Data matching can provide a holistic view of your customers by linking data across all the channels using the intelligent algorithm. This enables the organizations to remove duplications and find connections between data elements, regardless of input errors, missing characters, or other inconsistent variations in their data.
The data matching has a wide application in the banking sector. A typical bank includes many functions like operations, treasury, capital markets and accounting, to name a few. They need to perform comprehensive reconciliation among these functions on a regular basis. Moreover, there are millions of real-time transactions generated by different channels, which has to be timely recorded, processed and analyzed.
The data matching can help speed up these transactions by removing duplicates and streamlining the data sets. It automates the tedious job of data sorting, so the valuable time can be focused on more strategical operations rather than data crunching. This increased quality data in a centralized database facilitates faster and much more accurate processing of the data.
Similarly, the insurance companies also have a huge database of their customers. They usually contain their personal information, medical records, and financial information, which are derived from various sources.
In order to maintain efficient operations, the database must stay accurately updated on a real-time basis. Having duplicate files and incorrect records can result in adverse consequences for them. In addition to data cleansing, it also allows them to search the required information much faster.
Using data matching techniques, they can minimize the duplications of records and link the information of their users, so the risk of these mistakes are reduced to an acceptable level. This is very critical as insurance market is very competitive and few bad decisions can ruin the reputation of the company and expose them to legal actions.
Other financial institutions
There are many other financial institutions like Credit Unions, Brokerage Firms, Mortgage Companies, etc., who can benefit from the data matching as they all have to maintain a database containing an abundance of information. Moreover, they also need to share the information among various sections. The data matching enables a greater degree of accuracy while keeping irrelevant and repetitive information to a minimum.

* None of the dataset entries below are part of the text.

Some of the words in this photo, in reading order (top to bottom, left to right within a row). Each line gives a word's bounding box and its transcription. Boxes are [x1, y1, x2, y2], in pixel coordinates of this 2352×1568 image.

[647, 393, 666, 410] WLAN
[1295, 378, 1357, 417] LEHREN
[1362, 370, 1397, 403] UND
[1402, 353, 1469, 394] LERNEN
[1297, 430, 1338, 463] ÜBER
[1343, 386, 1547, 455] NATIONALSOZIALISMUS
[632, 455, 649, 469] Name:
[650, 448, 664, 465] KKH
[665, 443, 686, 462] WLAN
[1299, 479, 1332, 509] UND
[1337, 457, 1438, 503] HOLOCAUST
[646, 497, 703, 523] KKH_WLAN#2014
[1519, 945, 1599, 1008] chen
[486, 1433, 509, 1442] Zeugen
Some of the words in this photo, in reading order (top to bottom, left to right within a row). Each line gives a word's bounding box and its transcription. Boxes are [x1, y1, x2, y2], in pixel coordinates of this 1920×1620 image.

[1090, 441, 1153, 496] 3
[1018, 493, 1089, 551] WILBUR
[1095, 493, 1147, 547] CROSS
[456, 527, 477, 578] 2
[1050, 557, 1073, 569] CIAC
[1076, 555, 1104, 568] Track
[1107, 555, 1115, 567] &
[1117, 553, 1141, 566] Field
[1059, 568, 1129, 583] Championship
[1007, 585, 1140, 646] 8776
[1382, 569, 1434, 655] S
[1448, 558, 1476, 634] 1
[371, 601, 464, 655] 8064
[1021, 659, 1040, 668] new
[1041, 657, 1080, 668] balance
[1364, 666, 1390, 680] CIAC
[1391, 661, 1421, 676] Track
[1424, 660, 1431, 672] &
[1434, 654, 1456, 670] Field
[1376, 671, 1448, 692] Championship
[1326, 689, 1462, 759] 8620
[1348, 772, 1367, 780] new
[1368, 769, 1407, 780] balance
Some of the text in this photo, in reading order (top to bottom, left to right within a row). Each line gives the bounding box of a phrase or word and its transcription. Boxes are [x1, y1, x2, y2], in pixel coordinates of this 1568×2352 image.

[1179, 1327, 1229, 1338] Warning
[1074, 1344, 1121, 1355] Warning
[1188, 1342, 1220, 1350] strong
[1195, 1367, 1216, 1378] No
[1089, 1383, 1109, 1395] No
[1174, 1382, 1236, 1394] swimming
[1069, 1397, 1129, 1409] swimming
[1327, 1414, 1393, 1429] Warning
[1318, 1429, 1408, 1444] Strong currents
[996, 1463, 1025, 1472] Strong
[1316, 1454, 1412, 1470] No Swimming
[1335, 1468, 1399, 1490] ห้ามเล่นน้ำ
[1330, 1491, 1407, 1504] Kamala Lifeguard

In conclusion, data matching is already being used in financial institutions and large enterprises. Many organizations lose millions of dollars just because of poor data matching. Poorly matched data leads to poor decision-making processes which can cost organizations significantly both monetarily and in terms of reputation. Using high-end data matching software can not only help organizations to improve their decision-making processes but also streamline their business operations in a cost-effective and efficient manner.